I often think about whether I could have opened that door and gone home. But there was magic in the air, and whiskey in my blood, and I hardly stopped to wonder. It seemed almost natural that I couldn’t live a new life in the same place where the last struggled and rotted on the vine.
“Hello? I said yes! I want to live again!” I nearly shouted.
Where had she gone? I turned from left to right indecisively. A flutter of movement across the alley in one of the brick houses. A pair of wooden shutters slapped open. A scowling old woman wearing a headscarf thrust her head on its long neck like a spear in my direction.
“No shouting!” she shrieked, at least twice as loud as I’d been.
The shrill sound cut through my buzz and left me uncomfortably sober for a moment. I turned helplessly in a slow circle, studying the houses around me. Following them all the way up to where they almost met, and the sliver of stars beyond. I had never seen the stars in the city before…
“Sorry. I think I’ve gotten lost. I was with a lady, and…”
My words faltered as I met the black eyes of the old woman. I would have made the same sound if I’d been a dog and she’d stepped on my tail. I tumbled away, half falling, half leaping, flinging my hands backwards to catch the wall behind me.
I had been facing away from the window and hadn’t expected to see her face. The old woman’s neck had stretched impossibly long like a serpent to coil through the air and wrap around my shoulders, so that when I saw her it was her head suspended right beside me. The long veins of her neck pulsed and twitched as the sinuous thing crept through the air. Her neck must stretch at least fifteen feet back to the window.
I slid down the wall to the ground, trembling. The neck slowly reeled in, growing shorter by coiling and bunching and squirming back into the hem of her black dress. The old woman smiled sweetly, and I rubbed my eyes in disbelief.
“The lady in red? Oh she is lovely, isn’t she?” said the kindly voice.
“Yes! Do you know where she went?”
A fool would have been smart enough not to linger here. But I could only aspire to be a fool after my desires have been satisfied. I had been drinking, after all. I wasn’t seeing things right. But I could still feel, damn it. I felt too much to think, and I wanted to be alive more than I feared death.

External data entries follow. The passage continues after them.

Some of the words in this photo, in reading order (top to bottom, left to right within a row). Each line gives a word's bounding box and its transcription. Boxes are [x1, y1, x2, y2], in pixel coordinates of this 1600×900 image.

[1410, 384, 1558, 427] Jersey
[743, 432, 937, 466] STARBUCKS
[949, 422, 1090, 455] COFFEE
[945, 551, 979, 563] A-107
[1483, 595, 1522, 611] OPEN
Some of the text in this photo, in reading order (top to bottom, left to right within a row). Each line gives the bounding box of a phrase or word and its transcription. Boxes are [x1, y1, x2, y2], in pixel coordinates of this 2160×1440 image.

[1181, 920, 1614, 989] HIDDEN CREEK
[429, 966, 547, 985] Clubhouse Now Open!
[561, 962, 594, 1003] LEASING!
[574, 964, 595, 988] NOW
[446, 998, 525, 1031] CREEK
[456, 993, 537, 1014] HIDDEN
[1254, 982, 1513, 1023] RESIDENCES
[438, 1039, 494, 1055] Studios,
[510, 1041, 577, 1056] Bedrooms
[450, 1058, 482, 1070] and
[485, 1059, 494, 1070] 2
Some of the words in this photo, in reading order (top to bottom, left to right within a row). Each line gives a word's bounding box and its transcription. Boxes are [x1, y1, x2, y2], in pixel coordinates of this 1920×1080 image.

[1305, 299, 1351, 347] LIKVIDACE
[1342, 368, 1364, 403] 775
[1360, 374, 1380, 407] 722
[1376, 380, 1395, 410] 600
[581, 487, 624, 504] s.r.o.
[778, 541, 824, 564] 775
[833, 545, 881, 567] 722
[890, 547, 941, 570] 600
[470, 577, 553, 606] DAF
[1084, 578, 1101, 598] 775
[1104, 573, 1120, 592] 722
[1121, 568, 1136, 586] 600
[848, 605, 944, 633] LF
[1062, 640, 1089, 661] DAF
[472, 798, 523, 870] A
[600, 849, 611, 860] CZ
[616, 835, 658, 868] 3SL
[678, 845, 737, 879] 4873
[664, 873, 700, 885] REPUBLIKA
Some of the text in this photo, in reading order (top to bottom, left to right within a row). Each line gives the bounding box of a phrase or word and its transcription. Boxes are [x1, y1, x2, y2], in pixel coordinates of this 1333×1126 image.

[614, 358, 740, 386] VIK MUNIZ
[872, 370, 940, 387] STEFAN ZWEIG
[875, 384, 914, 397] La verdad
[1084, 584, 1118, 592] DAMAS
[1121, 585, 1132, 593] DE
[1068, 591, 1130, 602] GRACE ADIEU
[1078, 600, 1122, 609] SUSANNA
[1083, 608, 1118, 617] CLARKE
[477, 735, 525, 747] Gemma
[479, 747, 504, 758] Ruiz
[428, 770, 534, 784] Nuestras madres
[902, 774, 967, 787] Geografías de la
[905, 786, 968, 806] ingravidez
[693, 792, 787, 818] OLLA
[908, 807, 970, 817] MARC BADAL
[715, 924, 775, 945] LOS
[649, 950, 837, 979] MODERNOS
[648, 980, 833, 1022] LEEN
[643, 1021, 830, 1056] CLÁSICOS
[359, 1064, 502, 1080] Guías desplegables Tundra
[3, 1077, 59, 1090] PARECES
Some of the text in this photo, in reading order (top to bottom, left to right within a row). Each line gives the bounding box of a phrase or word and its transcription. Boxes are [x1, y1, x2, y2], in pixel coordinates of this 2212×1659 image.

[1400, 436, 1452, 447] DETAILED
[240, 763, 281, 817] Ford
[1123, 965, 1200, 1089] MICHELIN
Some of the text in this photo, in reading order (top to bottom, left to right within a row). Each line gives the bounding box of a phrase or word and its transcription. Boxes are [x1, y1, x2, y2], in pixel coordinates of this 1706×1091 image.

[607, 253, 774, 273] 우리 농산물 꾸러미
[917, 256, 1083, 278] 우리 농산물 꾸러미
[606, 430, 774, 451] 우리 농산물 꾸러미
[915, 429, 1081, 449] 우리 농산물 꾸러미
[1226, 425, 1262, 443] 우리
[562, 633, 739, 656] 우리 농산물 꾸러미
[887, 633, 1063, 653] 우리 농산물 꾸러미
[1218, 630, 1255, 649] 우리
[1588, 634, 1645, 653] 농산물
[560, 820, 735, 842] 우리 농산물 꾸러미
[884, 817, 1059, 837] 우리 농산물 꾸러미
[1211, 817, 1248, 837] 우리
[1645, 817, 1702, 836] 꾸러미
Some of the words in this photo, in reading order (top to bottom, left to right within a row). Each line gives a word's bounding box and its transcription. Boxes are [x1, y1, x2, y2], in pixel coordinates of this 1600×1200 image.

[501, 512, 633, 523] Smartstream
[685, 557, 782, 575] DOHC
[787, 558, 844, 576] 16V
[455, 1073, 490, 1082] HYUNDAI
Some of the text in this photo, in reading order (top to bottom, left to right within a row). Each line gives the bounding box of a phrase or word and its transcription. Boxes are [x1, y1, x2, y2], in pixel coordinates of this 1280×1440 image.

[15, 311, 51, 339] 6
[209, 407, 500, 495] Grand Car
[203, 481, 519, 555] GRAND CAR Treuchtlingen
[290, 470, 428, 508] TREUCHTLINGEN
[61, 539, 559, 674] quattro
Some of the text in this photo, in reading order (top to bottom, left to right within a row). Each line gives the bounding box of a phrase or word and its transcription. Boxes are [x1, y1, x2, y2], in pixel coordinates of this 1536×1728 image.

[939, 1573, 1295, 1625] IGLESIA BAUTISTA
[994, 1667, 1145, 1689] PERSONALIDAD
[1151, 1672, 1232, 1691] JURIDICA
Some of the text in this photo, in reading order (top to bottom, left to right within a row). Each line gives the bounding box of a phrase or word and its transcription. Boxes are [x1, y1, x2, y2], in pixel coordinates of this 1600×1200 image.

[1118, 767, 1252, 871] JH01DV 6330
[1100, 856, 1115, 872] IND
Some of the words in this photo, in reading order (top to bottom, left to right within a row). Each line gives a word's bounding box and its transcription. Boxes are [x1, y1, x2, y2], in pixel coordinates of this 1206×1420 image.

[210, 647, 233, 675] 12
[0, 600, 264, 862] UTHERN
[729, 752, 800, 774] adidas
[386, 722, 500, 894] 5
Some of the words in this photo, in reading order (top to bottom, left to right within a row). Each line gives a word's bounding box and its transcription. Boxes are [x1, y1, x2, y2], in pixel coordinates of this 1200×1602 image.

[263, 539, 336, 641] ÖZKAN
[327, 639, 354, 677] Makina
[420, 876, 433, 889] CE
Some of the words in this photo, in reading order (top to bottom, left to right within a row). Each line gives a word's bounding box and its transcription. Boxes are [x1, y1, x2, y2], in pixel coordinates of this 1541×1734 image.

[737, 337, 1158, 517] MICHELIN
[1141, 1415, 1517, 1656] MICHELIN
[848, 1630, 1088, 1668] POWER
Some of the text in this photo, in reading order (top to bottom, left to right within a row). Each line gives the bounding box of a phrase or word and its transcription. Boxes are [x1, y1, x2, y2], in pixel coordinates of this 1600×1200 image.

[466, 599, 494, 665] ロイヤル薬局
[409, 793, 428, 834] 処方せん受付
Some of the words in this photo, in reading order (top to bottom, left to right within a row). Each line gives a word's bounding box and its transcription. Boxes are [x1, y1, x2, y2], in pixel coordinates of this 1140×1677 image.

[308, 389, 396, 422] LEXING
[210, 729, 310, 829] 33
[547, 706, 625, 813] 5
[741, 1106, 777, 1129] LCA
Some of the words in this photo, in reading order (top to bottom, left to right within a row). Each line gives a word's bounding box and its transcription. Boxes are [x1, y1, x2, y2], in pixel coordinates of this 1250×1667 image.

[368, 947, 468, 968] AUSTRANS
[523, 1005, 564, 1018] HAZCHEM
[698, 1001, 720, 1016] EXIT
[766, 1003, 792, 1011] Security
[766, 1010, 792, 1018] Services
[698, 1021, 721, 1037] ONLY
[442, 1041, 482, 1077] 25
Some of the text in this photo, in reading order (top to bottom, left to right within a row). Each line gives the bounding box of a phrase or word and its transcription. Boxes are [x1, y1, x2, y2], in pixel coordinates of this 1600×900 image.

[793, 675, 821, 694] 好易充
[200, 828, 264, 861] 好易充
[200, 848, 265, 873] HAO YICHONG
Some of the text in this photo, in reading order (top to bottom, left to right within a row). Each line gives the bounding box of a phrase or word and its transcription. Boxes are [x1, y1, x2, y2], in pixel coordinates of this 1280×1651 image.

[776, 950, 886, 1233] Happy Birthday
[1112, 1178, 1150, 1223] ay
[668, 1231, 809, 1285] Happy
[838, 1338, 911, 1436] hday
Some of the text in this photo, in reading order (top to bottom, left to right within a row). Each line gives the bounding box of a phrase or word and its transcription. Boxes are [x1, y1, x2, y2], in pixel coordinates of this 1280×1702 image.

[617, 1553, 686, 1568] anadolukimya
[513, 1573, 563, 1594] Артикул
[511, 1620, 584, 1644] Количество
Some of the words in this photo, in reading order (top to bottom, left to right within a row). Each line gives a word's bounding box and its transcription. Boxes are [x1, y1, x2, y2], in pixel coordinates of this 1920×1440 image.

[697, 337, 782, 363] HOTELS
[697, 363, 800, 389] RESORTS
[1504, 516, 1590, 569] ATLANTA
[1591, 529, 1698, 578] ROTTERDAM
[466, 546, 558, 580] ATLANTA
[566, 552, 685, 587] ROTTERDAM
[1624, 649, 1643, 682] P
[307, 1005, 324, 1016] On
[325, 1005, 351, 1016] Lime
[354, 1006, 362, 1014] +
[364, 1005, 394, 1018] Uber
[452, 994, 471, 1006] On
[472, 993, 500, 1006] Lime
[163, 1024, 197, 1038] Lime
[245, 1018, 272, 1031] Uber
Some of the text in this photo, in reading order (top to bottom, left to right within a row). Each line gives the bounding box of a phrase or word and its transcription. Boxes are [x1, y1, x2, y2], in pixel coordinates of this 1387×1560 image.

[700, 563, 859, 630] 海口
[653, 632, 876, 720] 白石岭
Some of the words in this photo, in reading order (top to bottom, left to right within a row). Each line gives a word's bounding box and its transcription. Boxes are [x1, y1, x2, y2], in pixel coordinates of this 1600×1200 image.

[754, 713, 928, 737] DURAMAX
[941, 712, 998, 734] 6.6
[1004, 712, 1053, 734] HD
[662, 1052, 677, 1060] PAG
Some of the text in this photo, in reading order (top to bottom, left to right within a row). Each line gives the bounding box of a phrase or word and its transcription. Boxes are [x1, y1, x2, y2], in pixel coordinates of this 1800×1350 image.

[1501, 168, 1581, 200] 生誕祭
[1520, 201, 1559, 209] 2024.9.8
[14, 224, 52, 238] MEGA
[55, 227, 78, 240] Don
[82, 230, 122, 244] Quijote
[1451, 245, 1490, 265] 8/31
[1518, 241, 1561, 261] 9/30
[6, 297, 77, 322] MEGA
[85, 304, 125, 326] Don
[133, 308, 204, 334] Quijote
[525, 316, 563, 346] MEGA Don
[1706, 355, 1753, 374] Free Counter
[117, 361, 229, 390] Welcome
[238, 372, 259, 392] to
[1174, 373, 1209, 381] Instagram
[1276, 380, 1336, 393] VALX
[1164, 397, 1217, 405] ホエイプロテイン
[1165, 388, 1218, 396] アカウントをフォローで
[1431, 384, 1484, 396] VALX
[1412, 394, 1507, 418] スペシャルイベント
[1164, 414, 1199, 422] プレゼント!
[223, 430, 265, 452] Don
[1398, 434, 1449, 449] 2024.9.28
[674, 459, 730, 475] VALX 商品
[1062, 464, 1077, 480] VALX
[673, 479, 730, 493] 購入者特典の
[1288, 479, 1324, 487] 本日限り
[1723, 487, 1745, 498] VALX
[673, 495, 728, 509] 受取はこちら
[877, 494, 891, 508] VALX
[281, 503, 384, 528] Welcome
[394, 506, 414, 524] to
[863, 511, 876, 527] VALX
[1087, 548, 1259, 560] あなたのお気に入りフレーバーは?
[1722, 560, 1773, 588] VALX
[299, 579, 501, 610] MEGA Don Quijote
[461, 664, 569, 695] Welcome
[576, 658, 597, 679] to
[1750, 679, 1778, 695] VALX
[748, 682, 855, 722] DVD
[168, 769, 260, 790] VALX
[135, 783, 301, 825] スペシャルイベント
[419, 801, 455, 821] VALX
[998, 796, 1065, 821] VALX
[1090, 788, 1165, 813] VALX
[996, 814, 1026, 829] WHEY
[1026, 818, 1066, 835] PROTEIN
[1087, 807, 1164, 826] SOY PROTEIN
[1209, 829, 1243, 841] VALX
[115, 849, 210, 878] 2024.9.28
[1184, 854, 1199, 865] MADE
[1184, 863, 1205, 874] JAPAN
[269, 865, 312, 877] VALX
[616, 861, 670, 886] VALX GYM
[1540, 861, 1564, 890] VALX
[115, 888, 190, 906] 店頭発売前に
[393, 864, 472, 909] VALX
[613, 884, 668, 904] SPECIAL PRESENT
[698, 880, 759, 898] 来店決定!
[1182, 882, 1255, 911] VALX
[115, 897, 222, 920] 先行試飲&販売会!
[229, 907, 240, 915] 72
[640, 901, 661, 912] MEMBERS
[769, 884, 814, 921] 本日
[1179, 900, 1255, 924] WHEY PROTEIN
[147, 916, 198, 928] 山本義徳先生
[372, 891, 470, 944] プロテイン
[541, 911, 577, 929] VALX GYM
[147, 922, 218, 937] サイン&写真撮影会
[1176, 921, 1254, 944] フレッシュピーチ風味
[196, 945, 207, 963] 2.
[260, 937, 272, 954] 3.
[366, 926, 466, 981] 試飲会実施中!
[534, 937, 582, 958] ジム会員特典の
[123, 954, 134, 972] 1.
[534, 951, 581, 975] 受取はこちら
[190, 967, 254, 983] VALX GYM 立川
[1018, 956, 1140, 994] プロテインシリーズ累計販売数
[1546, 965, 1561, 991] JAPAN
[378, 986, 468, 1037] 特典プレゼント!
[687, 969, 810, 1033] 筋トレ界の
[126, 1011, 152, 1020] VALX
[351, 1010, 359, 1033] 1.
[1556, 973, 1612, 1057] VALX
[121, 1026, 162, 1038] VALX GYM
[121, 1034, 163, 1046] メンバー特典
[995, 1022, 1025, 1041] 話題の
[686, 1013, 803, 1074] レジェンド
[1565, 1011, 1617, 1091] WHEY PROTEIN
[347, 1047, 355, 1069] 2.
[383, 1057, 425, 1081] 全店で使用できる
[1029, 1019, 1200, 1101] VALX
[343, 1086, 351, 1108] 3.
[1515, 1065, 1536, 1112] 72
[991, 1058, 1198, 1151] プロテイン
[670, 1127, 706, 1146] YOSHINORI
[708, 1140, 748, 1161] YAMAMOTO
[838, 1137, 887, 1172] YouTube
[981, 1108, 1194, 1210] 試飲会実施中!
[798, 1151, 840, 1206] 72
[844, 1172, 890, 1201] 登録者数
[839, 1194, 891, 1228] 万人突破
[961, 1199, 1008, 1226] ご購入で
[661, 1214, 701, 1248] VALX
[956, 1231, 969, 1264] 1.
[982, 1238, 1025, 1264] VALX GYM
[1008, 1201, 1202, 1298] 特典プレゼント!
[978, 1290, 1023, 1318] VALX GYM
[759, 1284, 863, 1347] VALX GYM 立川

The old woman only smiled and nodded towards my left. Her smile vanished in an instant, replaced by a dreadful scowl. Her whole face contorted like rubber into a wrinkled mask, a caricature of what she had been. I would have asked more, but I was so horrified that I stumbled away in the direction she gestured. I didn’t look back until I reached the corner. This was no trick of the light. I hardly even felt the alcohol anymore. Her neck really was distending before my eyes, inch by inch accelerating as it threatened to follow me. I dashed around the corner, straight into —
A rough push caught me by surprise and shoved me face-first into the brick wall. I spun, fists raised, ready to fight. But I was helpless against the lurching mass of flesh which lumbered down the street. The creature was a square block, larger than a refrigerator. Waves of fat cascaded down its naked body to ripple smoothly as it slid down the street. It had no arms, legs, or even a neck, and hadn’t turned or noticed me at all. It simply shoved me as collateral damage as the bulk oozed along its grotesque journey. My blood was pounding so loud that it wasn’t until it had already passed that I noticed the thousands of tiny clicks from its innumerable centipede legs which bore its impossible weight.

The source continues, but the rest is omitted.